**Aim of the exercise**
An image-free, word-for-word version of the records below is to be returned.

**Data provided**
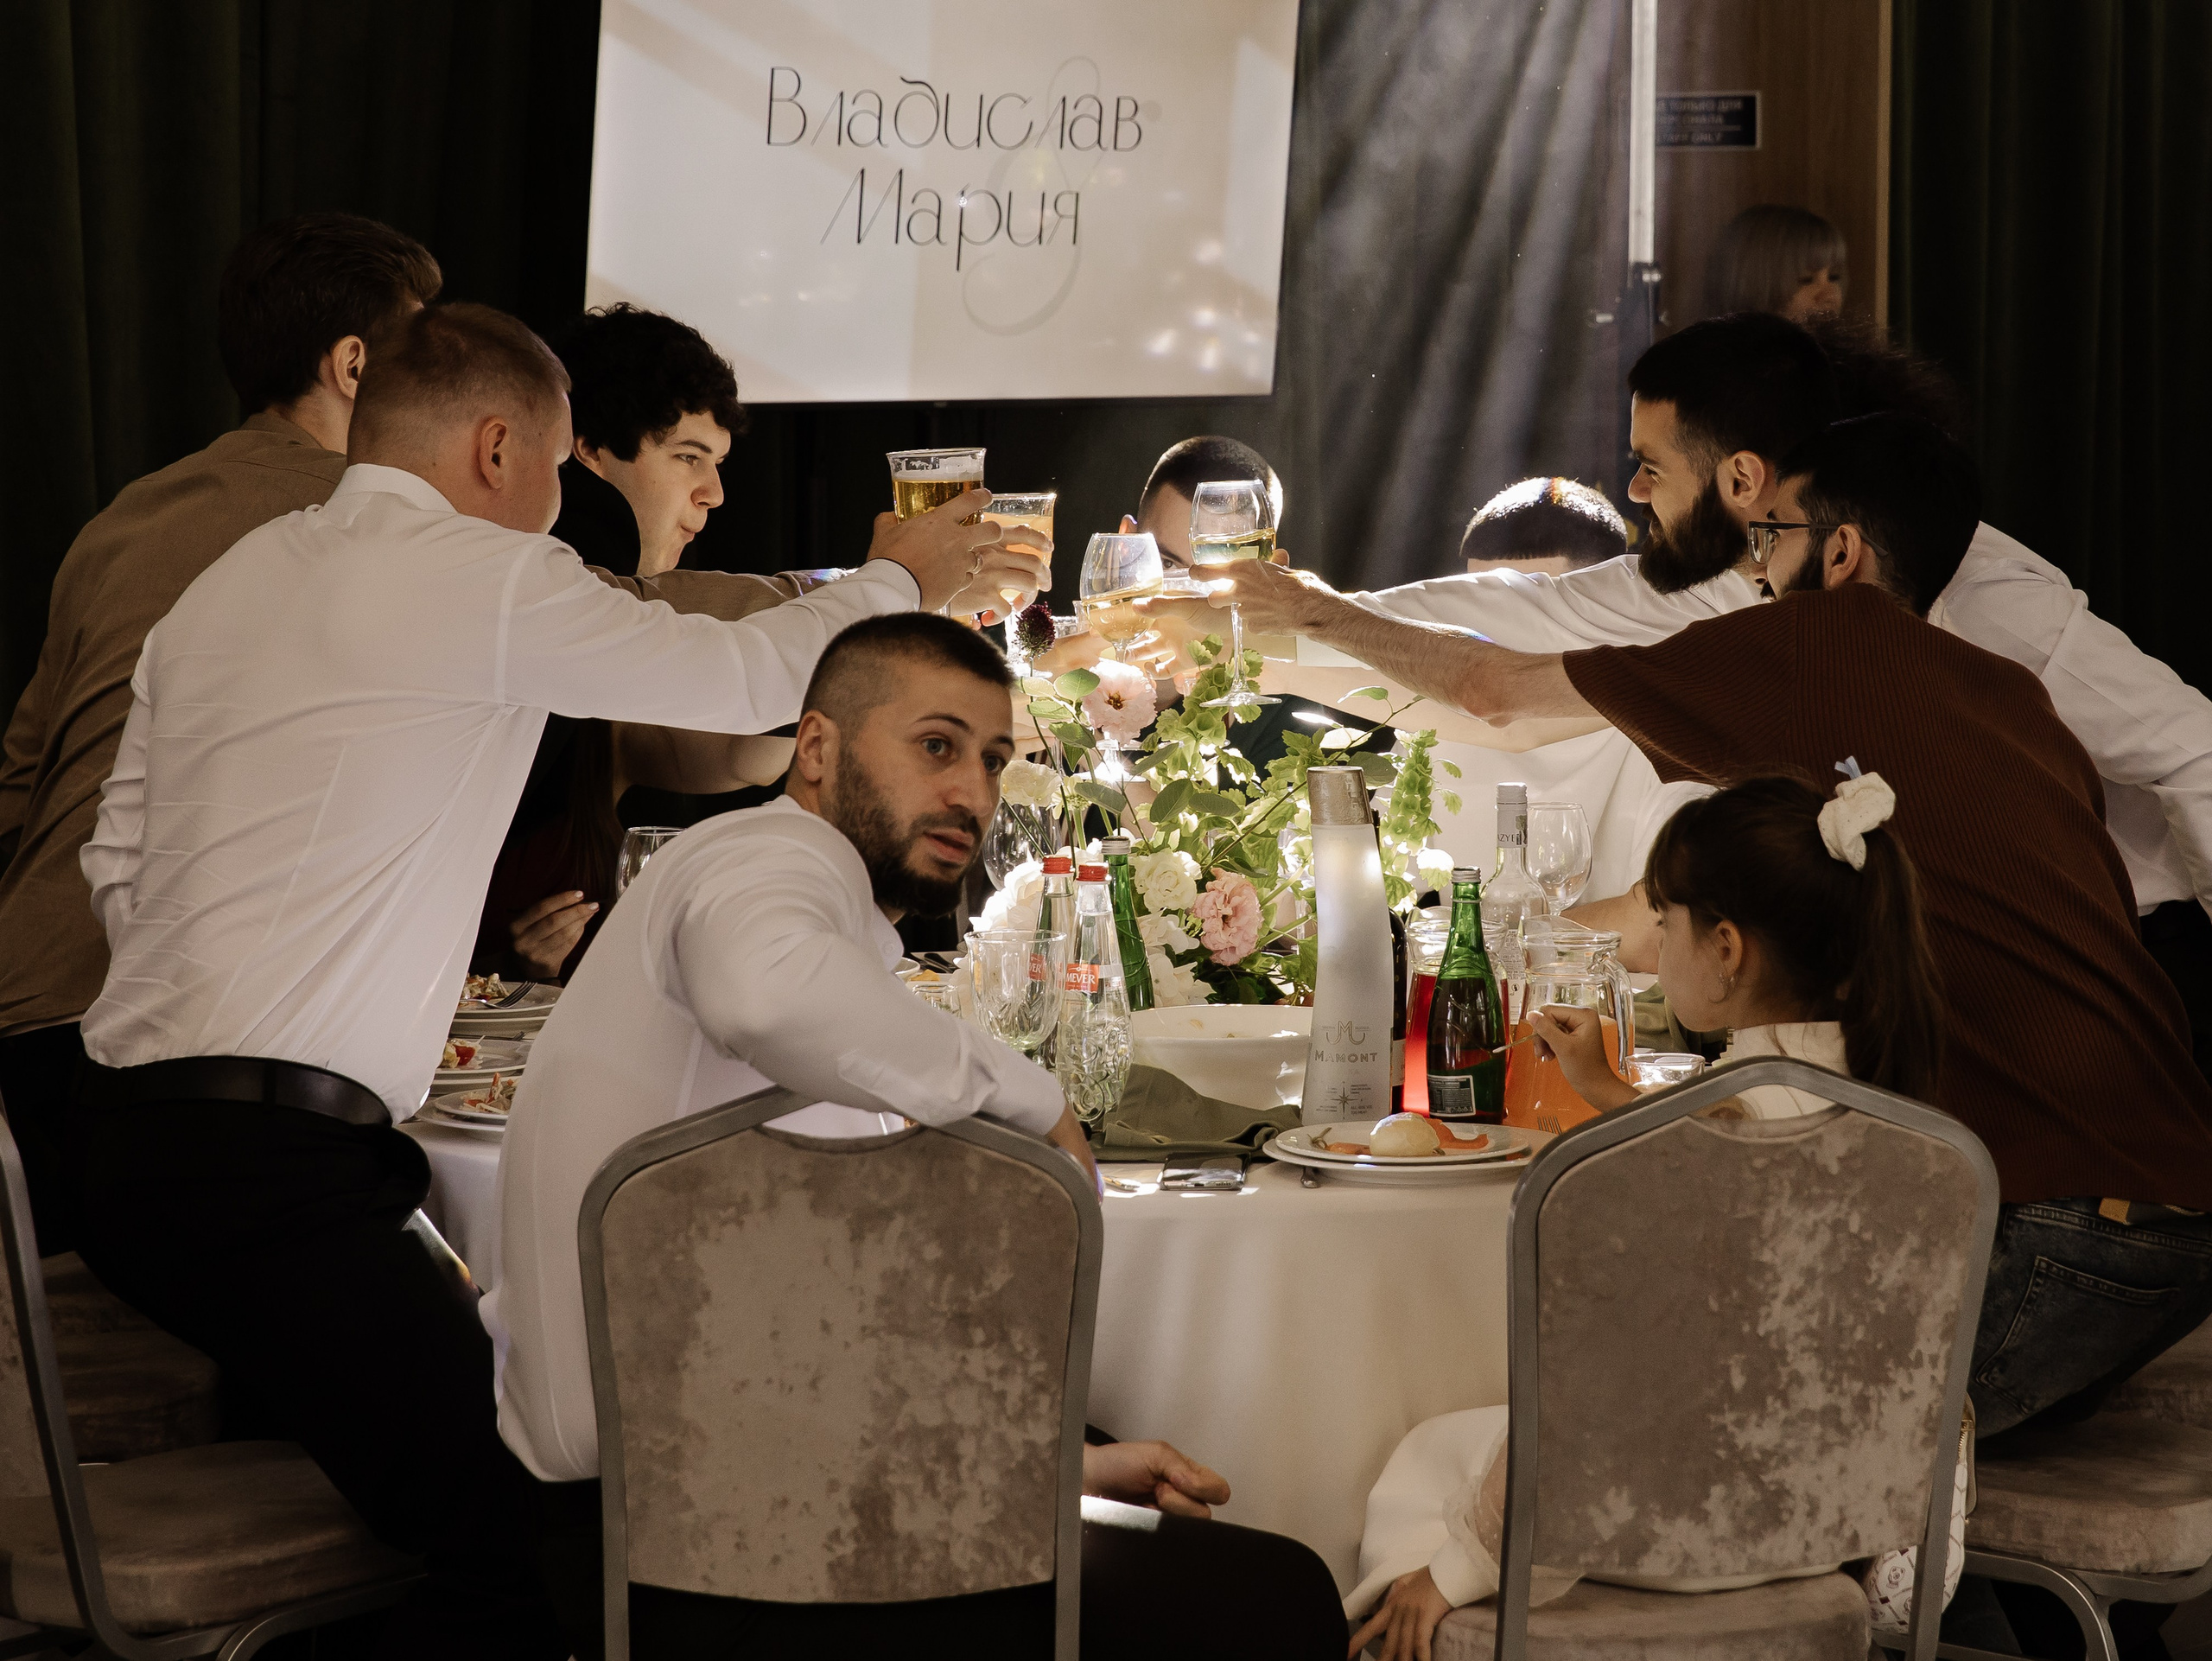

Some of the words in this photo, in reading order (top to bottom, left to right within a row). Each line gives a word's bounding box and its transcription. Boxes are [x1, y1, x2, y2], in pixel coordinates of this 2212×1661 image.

[766, 66, 1142, 151] Владислав
[820, 167, 1080, 271] Мария
[1066, 972, 1096, 984] MEVER
[1314, 1049, 1378, 1063] MAMONT
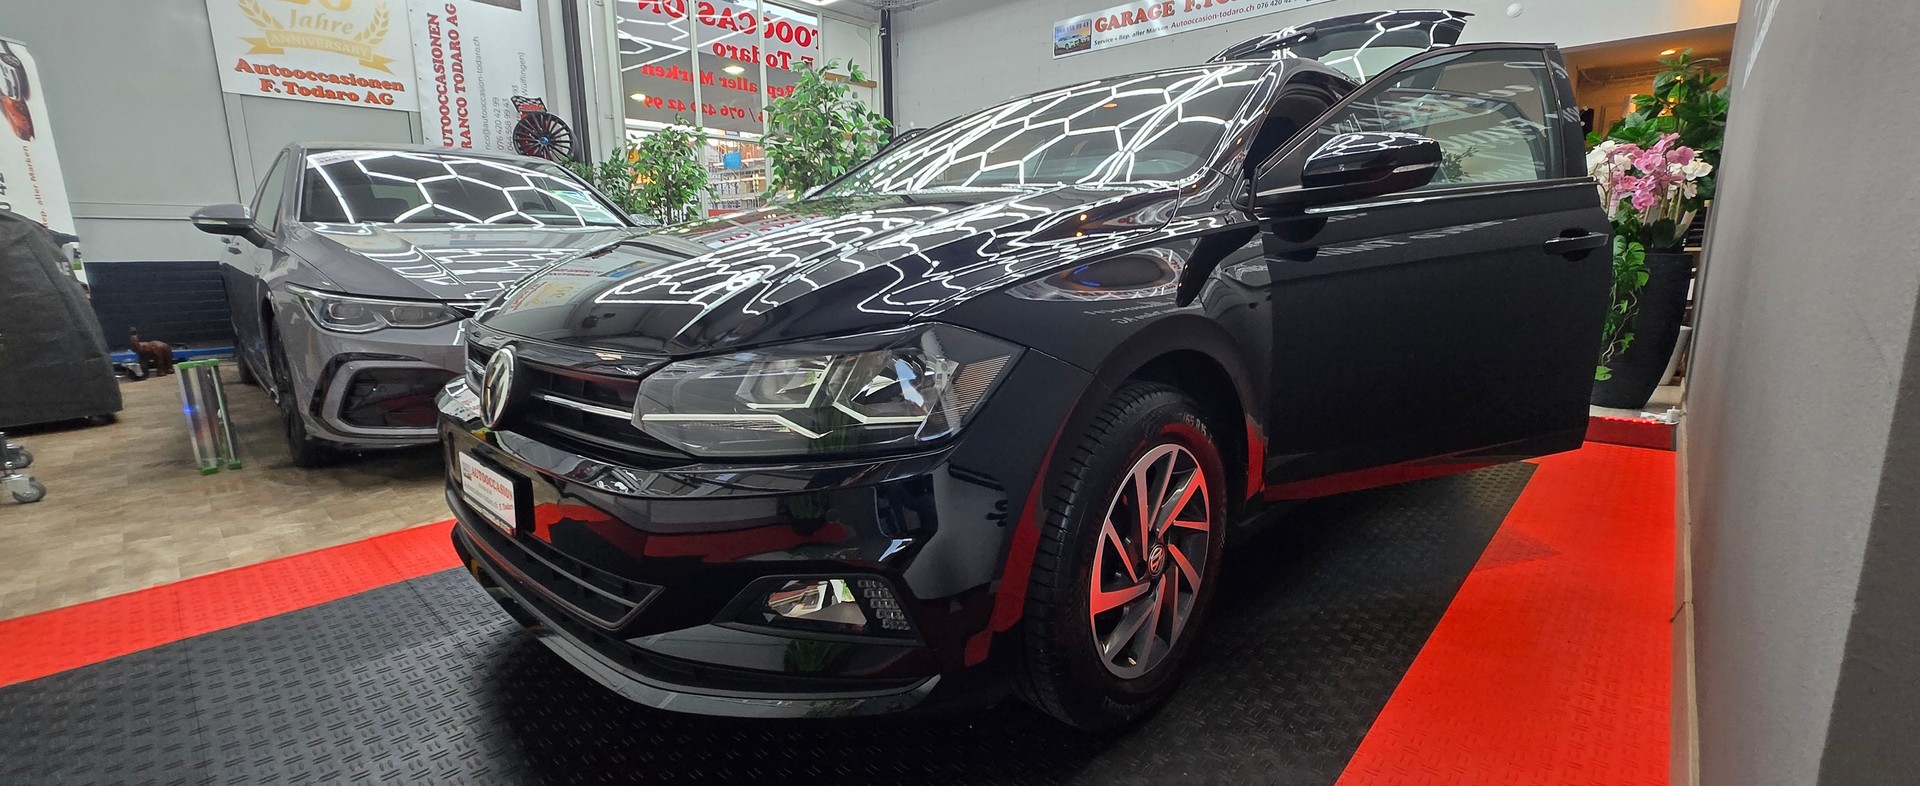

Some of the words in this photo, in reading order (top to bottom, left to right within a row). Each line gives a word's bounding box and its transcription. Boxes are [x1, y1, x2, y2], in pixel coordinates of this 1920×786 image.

[289, 9, 354, 34] Jahre
[445, 3, 458, 27] AG
[1095, 1, 1175, 33] GARAGE
[1171, 4, 1255, 29] Autooccasion-todaro.ch
[270, 33, 369, 57] ANNIVERSARY
[448, 29, 466, 94] TODARO
[234, 58, 405, 92] Autooccasionen
[427, 12, 454, 147] UTOOCCASIONEN
[259, 78, 281, 93] F.
[282, 81, 359, 102] Todaro
[364, 91, 395, 106] AG
[473, 36, 491, 150] nco@autooccasion-todaro.ch
[492, 97, 500, 107] 99
[455, 97, 472, 149] RANCO
[494, 107, 501, 118] 42
[495, 119, 503, 134] 420
[22, 145, 37, 182] Marken
[33, 184, 43, 206] aller
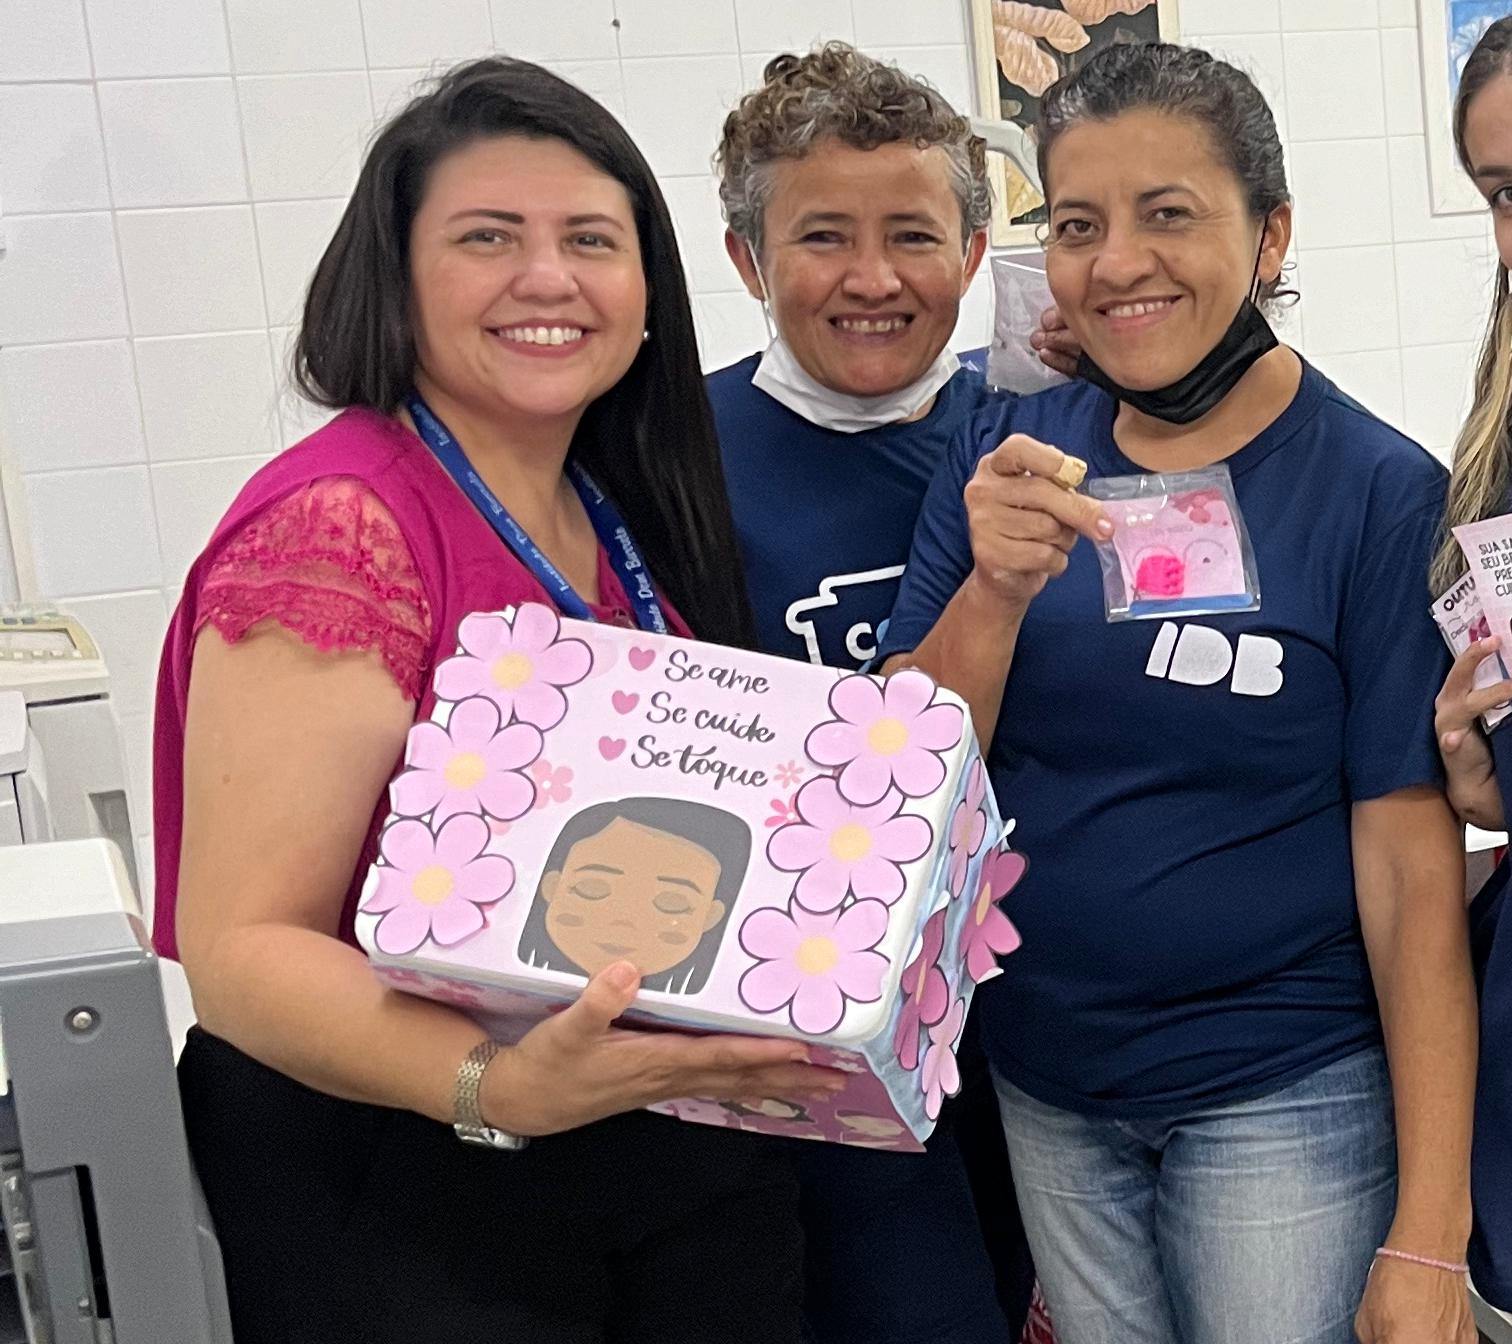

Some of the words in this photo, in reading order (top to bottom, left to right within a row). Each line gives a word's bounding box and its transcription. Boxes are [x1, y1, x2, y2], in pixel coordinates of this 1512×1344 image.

**Final answer**
Some of the words in this photo, in reading order (top to bottom, left to right within a row). Each line gives a word's bounding box and its transcription. Boxes are [x1, y1, x2, y2], in pixel coordinates of this 2212×1661 image.

[766, 66, 1142, 151] Владислав
[820, 167, 1080, 271] Мария
[1066, 972, 1096, 984] MEVER
[1314, 1049, 1378, 1063] MAMONT

Some of the words in this photo, in reading order (top to bottom, left to right within a row). Each line gives a word's bounding box and its transcription. Boxes are [x1, y1, x2, y2], in pixel coordinates of this 1920×786 image.

[289, 9, 354, 34] Jahre
[445, 3, 458, 27] AG
[1095, 1, 1175, 33] GARAGE
[1171, 4, 1255, 29] Autooccasion-todaro.ch
[270, 33, 369, 57] ANNIVERSARY
[448, 29, 466, 94] TODARO
[234, 58, 405, 92] Autooccasionen
[427, 12, 454, 147] UTOOCCASIONEN
[259, 78, 281, 93] F.
[282, 81, 359, 102] Todaro
[364, 91, 395, 106] AG
[473, 36, 491, 150] nco@autooccasion-todaro.ch
[492, 97, 500, 107] 99
[455, 97, 472, 149] RANCO
[494, 107, 501, 118] 42
[495, 119, 503, 134] 420
[22, 145, 37, 182] Marken
[33, 184, 43, 206] aller

Some of the words in this photo, in reading order (top to bottom, left to right within a row). Each line gives a word's bounding box and its transcription. Boxes are [x1, y1, x2, y2], in pixel coordinates of this 1512×1344 image.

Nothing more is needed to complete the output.